● **Task item**: All of the entries below need to be repeated exactly.
--- START ---
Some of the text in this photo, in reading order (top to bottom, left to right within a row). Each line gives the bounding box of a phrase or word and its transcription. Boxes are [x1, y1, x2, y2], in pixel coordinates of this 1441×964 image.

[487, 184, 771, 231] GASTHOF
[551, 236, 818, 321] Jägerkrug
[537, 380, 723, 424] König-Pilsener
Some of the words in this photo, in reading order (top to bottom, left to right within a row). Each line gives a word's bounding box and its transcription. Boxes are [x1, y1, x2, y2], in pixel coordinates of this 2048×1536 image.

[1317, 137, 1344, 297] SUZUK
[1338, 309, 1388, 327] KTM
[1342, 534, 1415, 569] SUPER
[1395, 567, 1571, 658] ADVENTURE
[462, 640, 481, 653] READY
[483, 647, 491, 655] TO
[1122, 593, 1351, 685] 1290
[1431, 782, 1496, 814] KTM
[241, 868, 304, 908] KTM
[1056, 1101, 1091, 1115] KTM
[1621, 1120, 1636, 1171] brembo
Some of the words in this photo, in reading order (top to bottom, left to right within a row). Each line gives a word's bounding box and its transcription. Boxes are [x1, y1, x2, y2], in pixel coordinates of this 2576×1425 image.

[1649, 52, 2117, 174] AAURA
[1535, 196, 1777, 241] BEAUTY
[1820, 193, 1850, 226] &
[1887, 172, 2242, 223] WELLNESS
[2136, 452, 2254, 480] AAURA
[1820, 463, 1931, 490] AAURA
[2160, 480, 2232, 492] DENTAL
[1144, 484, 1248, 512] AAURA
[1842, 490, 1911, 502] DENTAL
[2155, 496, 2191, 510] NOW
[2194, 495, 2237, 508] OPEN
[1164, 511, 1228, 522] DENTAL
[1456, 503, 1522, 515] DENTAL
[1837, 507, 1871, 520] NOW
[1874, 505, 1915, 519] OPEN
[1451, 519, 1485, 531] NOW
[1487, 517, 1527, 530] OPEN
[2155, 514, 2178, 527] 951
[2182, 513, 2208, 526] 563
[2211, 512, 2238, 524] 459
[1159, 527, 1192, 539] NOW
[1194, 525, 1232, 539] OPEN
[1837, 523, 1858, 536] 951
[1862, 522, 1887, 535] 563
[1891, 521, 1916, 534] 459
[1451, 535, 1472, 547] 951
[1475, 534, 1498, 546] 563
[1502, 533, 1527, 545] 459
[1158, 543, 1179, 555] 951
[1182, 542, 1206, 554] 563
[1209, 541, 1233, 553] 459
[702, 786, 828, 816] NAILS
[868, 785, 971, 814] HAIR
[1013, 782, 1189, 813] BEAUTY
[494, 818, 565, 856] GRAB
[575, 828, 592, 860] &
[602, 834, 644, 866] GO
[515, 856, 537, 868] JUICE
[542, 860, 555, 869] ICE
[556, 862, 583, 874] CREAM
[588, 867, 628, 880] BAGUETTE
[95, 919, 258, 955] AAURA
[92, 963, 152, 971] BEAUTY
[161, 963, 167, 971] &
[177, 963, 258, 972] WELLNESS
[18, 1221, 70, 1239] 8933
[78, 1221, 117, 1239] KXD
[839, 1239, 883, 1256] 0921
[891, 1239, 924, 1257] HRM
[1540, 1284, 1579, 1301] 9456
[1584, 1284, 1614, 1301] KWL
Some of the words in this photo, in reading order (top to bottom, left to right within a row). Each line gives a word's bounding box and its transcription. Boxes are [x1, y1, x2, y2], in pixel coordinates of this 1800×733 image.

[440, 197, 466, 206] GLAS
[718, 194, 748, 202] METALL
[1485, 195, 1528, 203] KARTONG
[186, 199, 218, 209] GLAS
--- END ---
● **Written answer**:
Some of the text in this photo, in reading order (top to bottom, left to right within a row). Each line gives the bounding box of a phrase or word and its transcription. Boxes are [x1, y1, x2, y2], in pixel coordinates of this 1441×964 image.

[487, 184, 771, 231] GASTHOF
[551, 236, 818, 321] Jägerkrug
[537, 380, 723, 424] König-Pilsener
Some of the words in this photo, in reading order (top to bottom, left to right within a row). Each line gives a word's bounding box and its transcription. Boxes are [x1, y1, x2, y2], in pixel coordinates of this 2048×1536 image.

[1317, 137, 1344, 297] SUZUK
[1338, 309, 1388, 327] KTM
[1342, 534, 1415, 569] SUPER
[1395, 567, 1571, 658] ADVENTURE
[462, 640, 481, 653] READY
[483, 647, 491, 655] TO
[1122, 593, 1351, 685] 1290
[1431, 782, 1496, 814] KTM
[241, 868, 304, 908] KTM
[1056, 1101, 1091, 1115] KTM
[1621, 1120, 1636, 1171] brembo
Some of the words in this photo, in reading order (top to bottom, left to right within a row). Each line gives a word's bounding box and its transcription. Boxes are [x1, y1, x2, y2], in pixel coordinates of this 2576×1425 image.

[1649, 52, 2117, 174] AAURA
[1535, 196, 1777, 241] BEAUTY
[1820, 193, 1850, 226] &
[1887, 172, 2242, 223] WELLNESS
[2136, 452, 2254, 480] AAURA
[1820, 463, 1931, 490] AAURA
[2160, 480, 2232, 492] DENTAL
[1144, 484, 1248, 512] AAURA
[1842, 490, 1911, 502] DENTAL
[2155, 496, 2191, 510] NOW
[2194, 495, 2237, 508] OPEN
[1164, 511, 1228, 522] DENTAL
[1456, 503, 1522, 515] DENTAL
[1837, 507, 1871, 520] NOW
[1874, 505, 1915, 519] OPEN
[1451, 519, 1485, 531] NOW
[1487, 517, 1527, 530] OPEN
[2155, 514, 2178, 527] 951
[2182, 513, 2208, 526] 563
[2211, 512, 2238, 524] 459
[1159, 527, 1192, 539] NOW
[1194, 525, 1232, 539] OPEN
[1837, 523, 1858, 536] 951
[1862, 522, 1887, 535] 563
[1891, 521, 1916, 534] 459
[1451, 535, 1472, 547] 951
[1475, 534, 1498, 546] 563
[1502, 533, 1527, 545] 459
[1158, 543, 1179, 555] 951
[1182, 542, 1206, 554] 563
[1209, 541, 1233, 553] 459
[702, 786, 828, 816] NAILS
[868, 785, 971, 814] HAIR
[1013, 782, 1189, 813] BEAUTY
[494, 818, 565, 856] GRAB
[575, 828, 592, 860] &
[602, 834, 644, 866] GO
[515, 856, 537, 868] JUICE
[542, 860, 555, 869] ICE
[556, 862, 583, 874] CREAM
[588, 867, 628, 880] BAGUETTE
[95, 919, 258, 955] AAURA
[92, 963, 152, 971] BEAUTY
[161, 963, 167, 971] &
[177, 963, 258, 972] WELLNESS
[18, 1221, 70, 1239] 8933
[78, 1221, 117, 1239] KXD
[839, 1239, 883, 1256] 0921
[891, 1239, 924, 1257] HRM
[1540, 1284, 1579, 1301] 9456
[1584, 1284, 1614, 1301] KWL
Some of the words in this photo, in reading order (top to bottom, left to right within a row). Each line gives a word's bounding box and its transcription. Boxes are [x1, y1, x2, y2], in pixel coordinates of this 1800×733 image.

[440, 197, 466, 206] GLAS
[718, 194, 748, 202] METALL
[1485, 195, 1528, 203] KARTONG
[186, 199, 218, 209] GLAS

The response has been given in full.